WHAT YOU ARE ASKED TO DO: Could you return all of the entries below exactly, minus the pictures?

SOURCE INFORMATION:

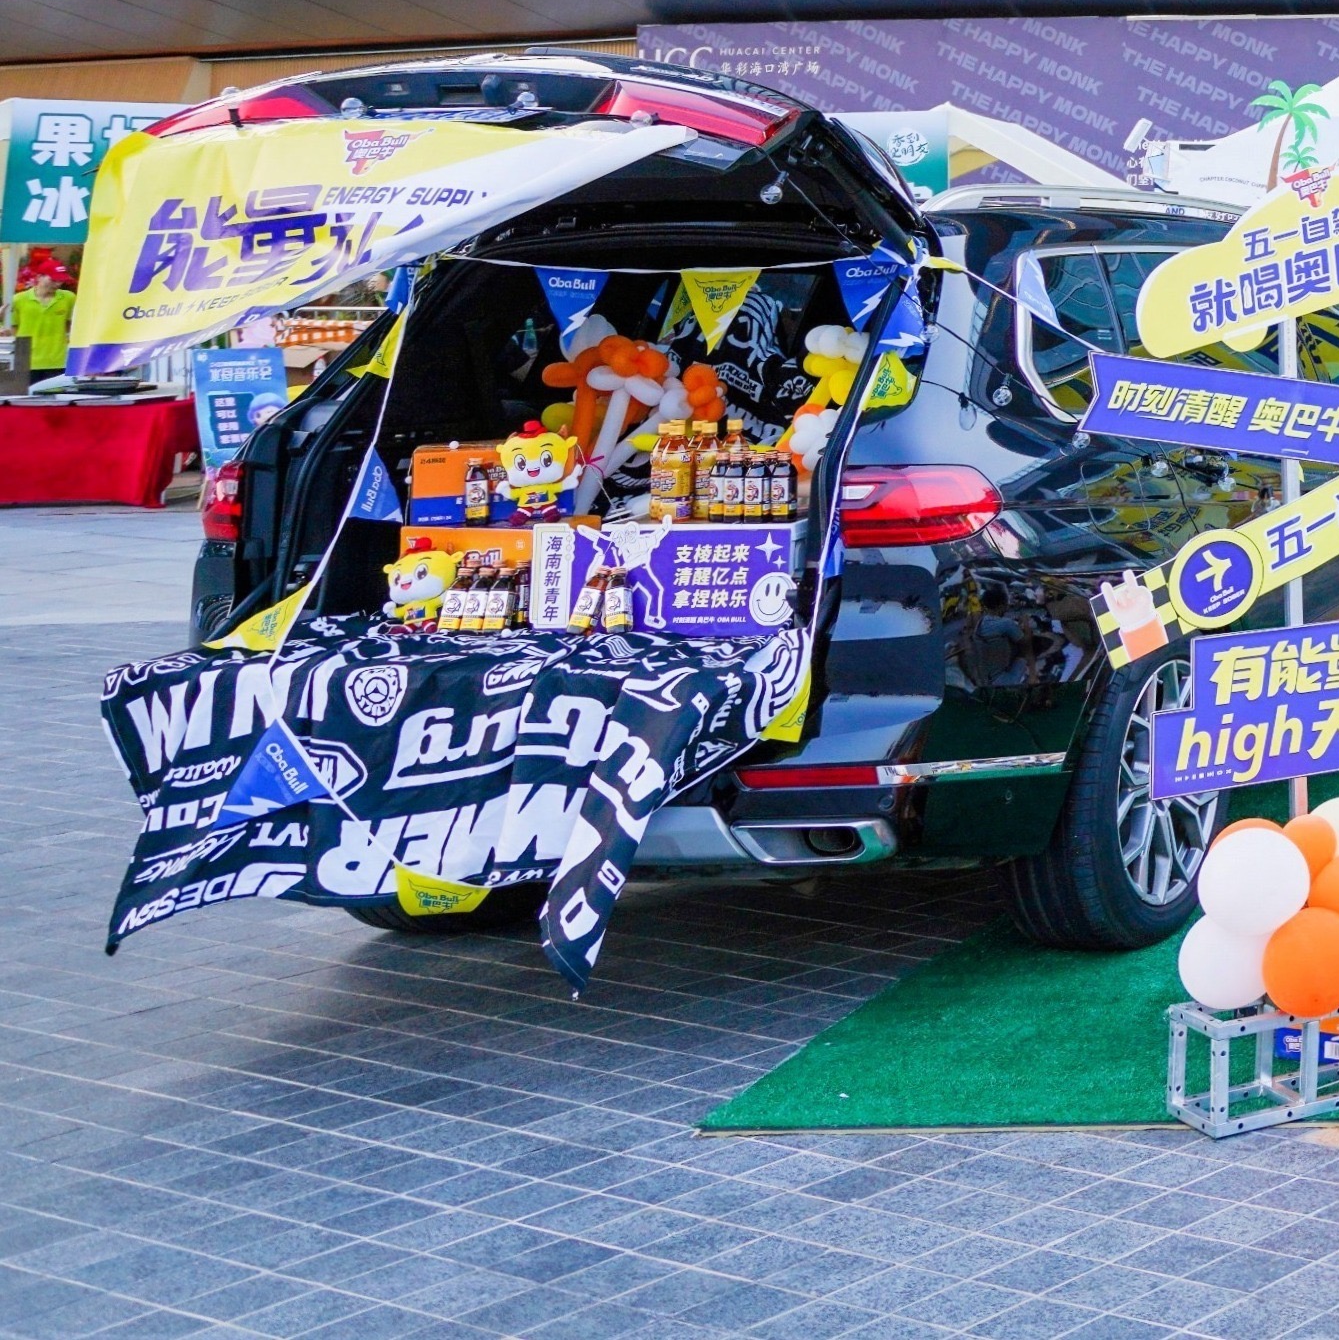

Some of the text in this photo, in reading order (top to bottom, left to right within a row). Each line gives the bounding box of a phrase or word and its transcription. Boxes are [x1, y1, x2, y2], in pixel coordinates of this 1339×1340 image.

[720, 46, 821, 56] HUACAI CENTER
[720, 61, 821, 76] 华彩海口湾广场
[323, 187, 406, 206] ENERGY
[846, 266, 873, 278] Oba
[548, 277, 597, 291] Oba Bull
[122, 305, 156, 321] Oba
[1107, 379, 1249, 429] 时刻清醒
[674, 543, 751, 564] 支棱起来
[542, 535, 563, 622] 海南新青年
[673, 566, 749, 587] 清醒亿点
[672, 589, 748, 610] 拿捏快乐
[265, 741, 310, 795] Oba Bull

SOLUTION TO THE PROBLEM:
Some of the text in this photo, in reading order (top to bottom, left to right within a row). Each line gives the bounding box of a phrase or word and its transcription. Boxes are [x1, y1, x2, y2], in pixel coordinates of this 1339×1340 image.

[720, 46, 821, 56] HUACAI CENTER
[720, 61, 821, 76] 华彩海口湾广场
[323, 187, 406, 206] ENERGY
[846, 266, 873, 278] Oba
[548, 277, 597, 291] Oba Bull
[122, 305, 156, 321] Oba
[1107, 379, 1249, 429] 时刻清醒
[674, 543, 751, 564] 支棱起来
[542, 535, 563, 622] 海南新青年
[673, 566, 749, 587] 清醒亿点
[672, 589, 748, 610] 拿捏快乐
[265, 741, 310, 795] Oba Bull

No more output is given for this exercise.